Apple boss Steve Jobs has defended conditions at a Taiwanese electronics firm that produces the firm's popular iPhone, following a spate of suicides.
"Foxconn is not a sweatshop," he told a conference in the US.
Mr Jobs said that Apple representatives were working with Foxconn to find out why 10 workers had killed themselves at a factory in Shenzhen, China.
An eleventh worker recently died at another factory in northern China.
In total, there have been 13 suicides and suicide attempts at Foxconn factories this year.
"We're all over this," said Mr Jobs at the All Things Digital conference in California.
Foxconn has said that it will give its assembly line workers a 30% pay rise.
The firm had previously said that it would offer a 20% pay increase to its Chinese workers, who earn 900 yuan (£90) per month at entry-level.
"We hope the hike in wages will help improve the living standards of the workers and allow them to have more leisure time, which is good for their health," an official of Foxconn's parent company Hon Hai precision told AFP.
Hon Hai Precision is the world's largest maker of consumer electronics, and employs 800,000 workers worldwide, mostly in China.
Foxconn makes a range of products for manufacturers including Apple, Dell and Nokia.
The deaths have shone a spotlight on working conditions at the factory, where workers - often from rural China - work up to 12 hours a day, six days a week.
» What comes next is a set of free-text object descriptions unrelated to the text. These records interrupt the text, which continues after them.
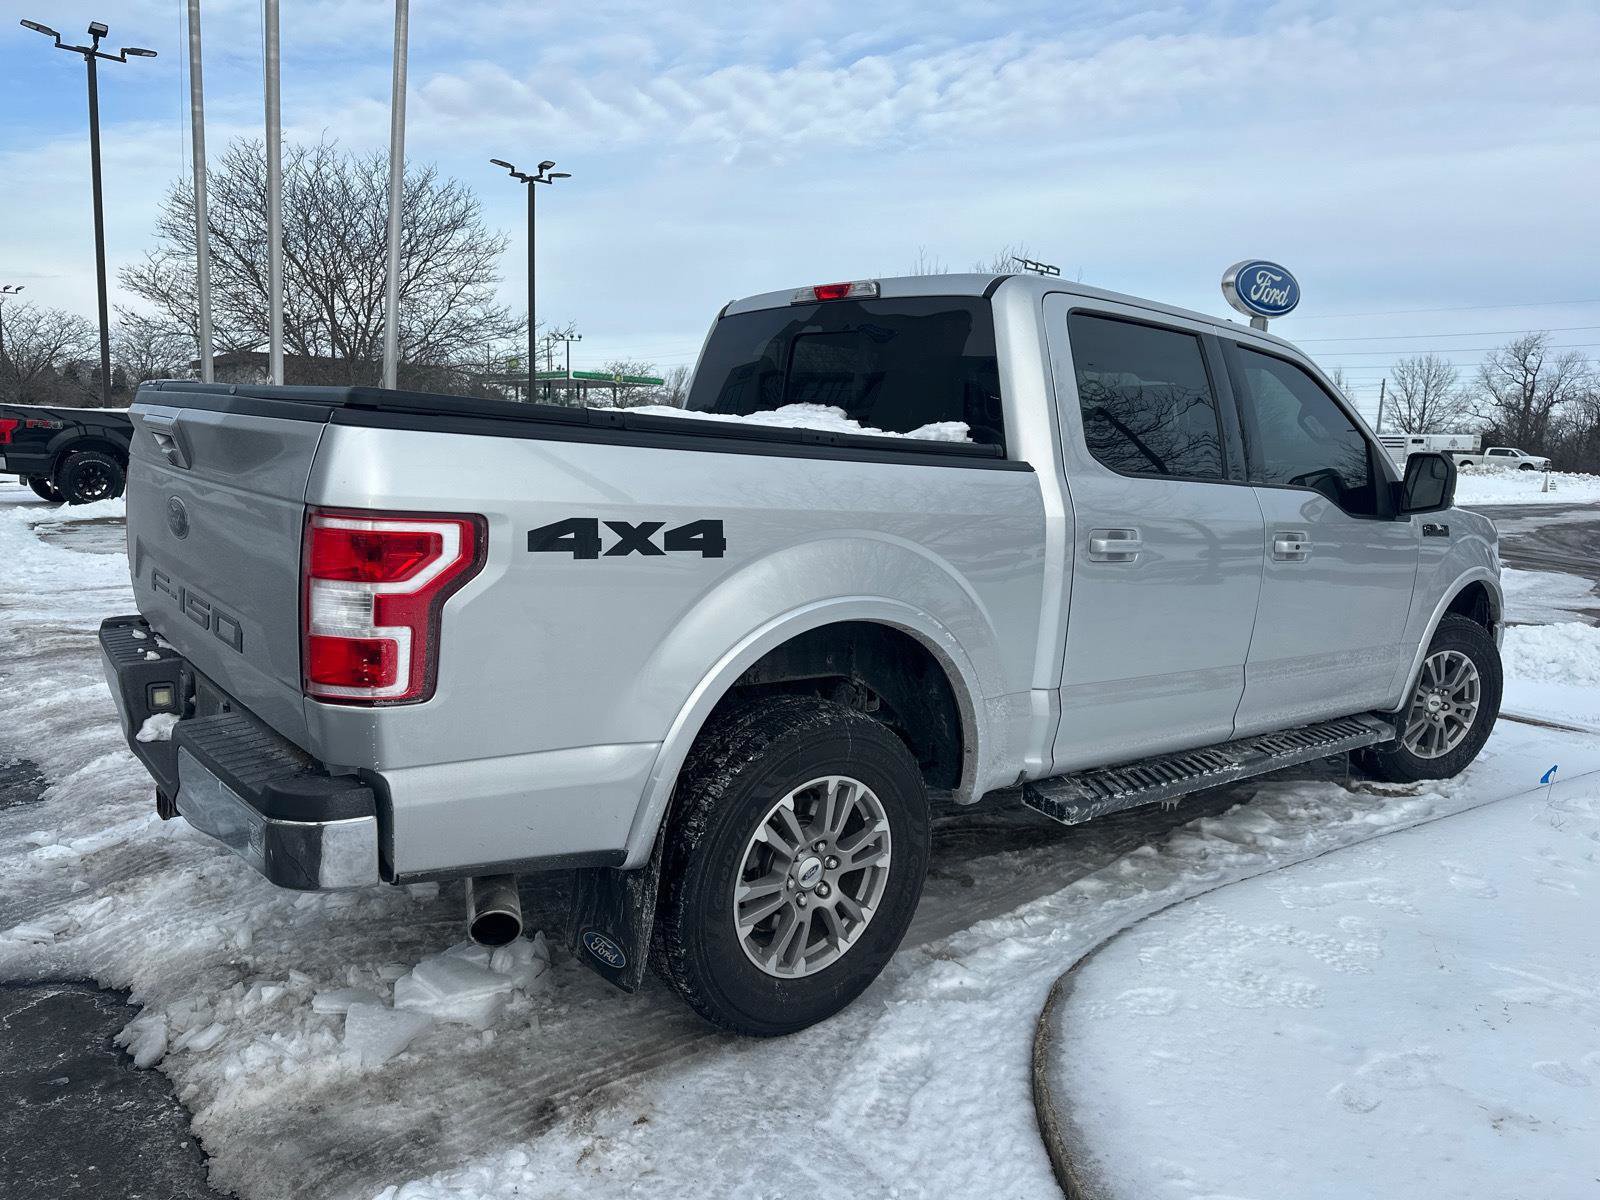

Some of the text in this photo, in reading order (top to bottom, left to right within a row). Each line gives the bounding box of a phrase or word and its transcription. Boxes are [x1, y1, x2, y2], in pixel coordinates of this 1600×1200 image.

[1250, 270, 1291, 307] Ford
[151, 567, 244, 654] F-150
[590, 936, 618, 964] Ford
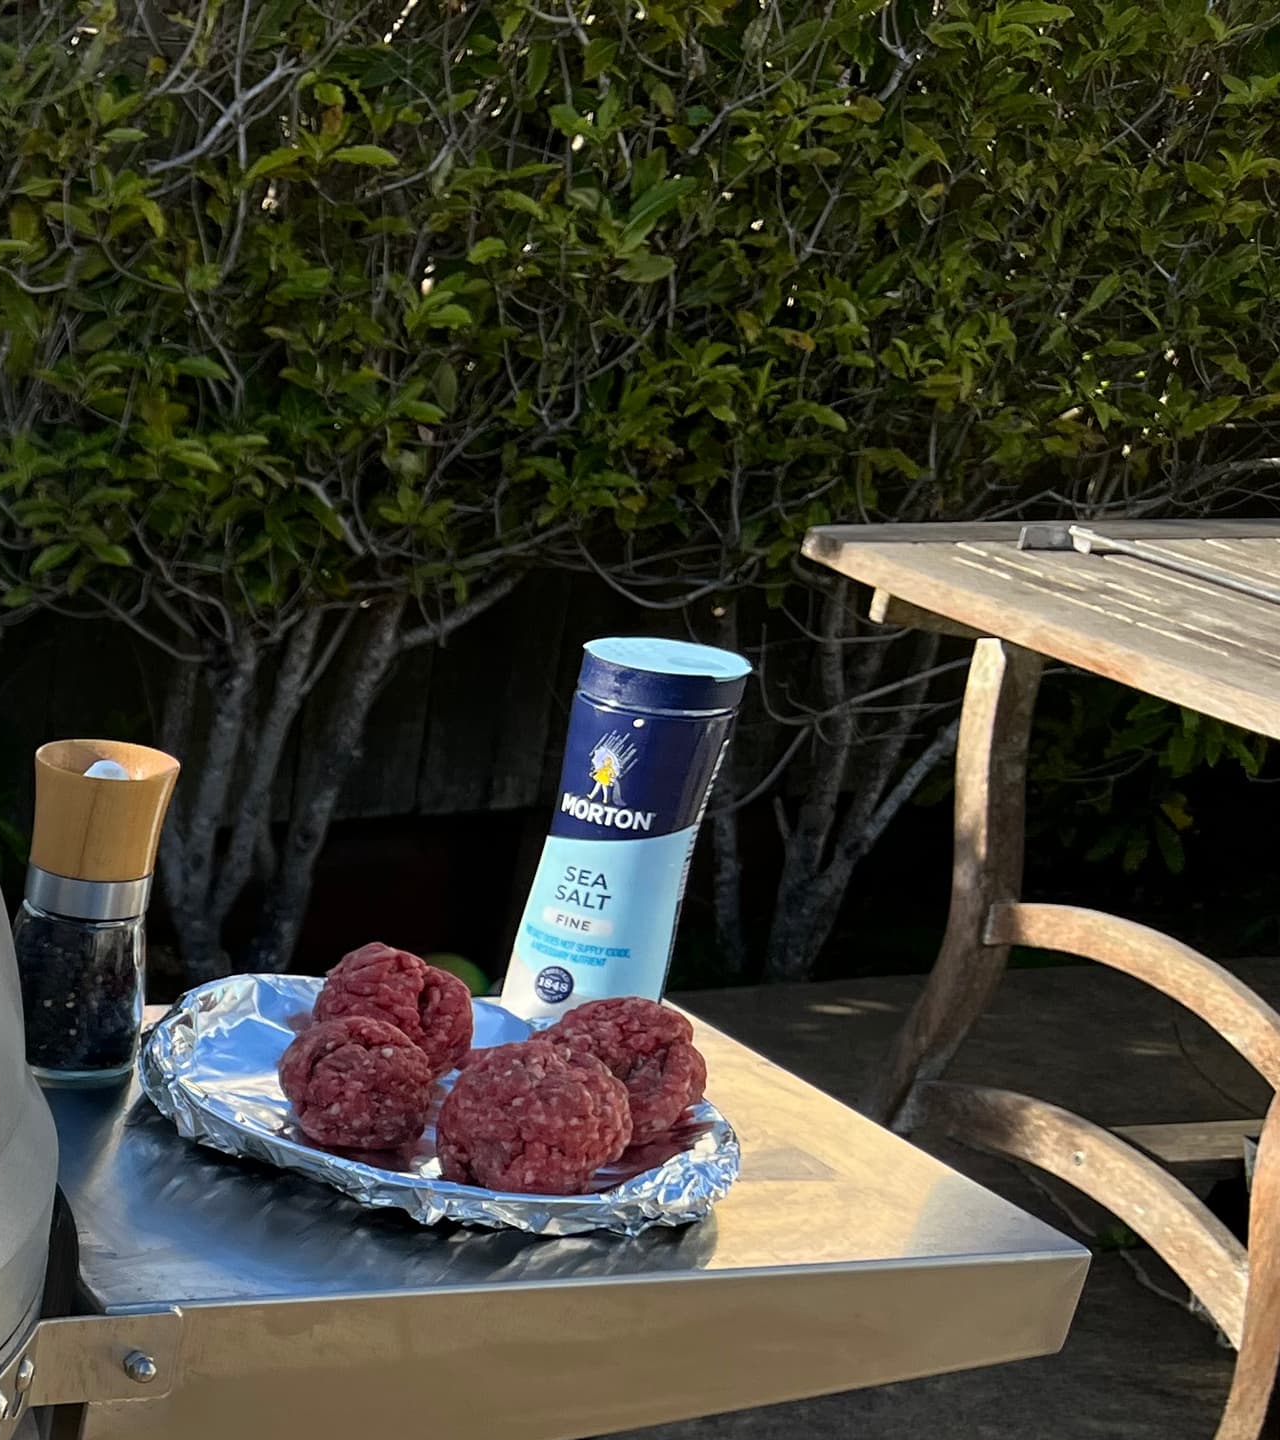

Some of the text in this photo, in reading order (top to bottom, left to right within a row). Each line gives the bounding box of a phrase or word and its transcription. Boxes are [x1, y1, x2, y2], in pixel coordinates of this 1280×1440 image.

[561, 792, 653, 831] MORTON
[564, 866, 608, 890] SEA
[555, 884, 612, 911] SALT
[555, 914, 591, 932] FINE
[538, 976, 569, 993] 1848
But Mr Jobs defended the conditions.
"You go in this place and it's a factory but, my gosh, they've got restaurants and movie theatres and hospitals and swimming pools. For a factory, it's pretty nice," he said.
Surreal moment
Mr Jobs addressed a number of other issues at the All Things Digital conference.
Last week, Apple overtook Microsoft to become the world's largest technology company by market value.
"For those of us that have been in the industry a long time, it's surreal. But it doesn't matter very much, it's not what's important," Mr Jobs said.
"It's not what makes you come to work every morning."
He also claimed that Apple's controversial move to block Adobe Flash animation and video technology from its popular iPhones and iPads was "a technical decision".
"We didn't start off to have a war with Flash or anything else," he said.
The comments are the latest step in a long-running dispute between Apple and Adobe over the Flash platform.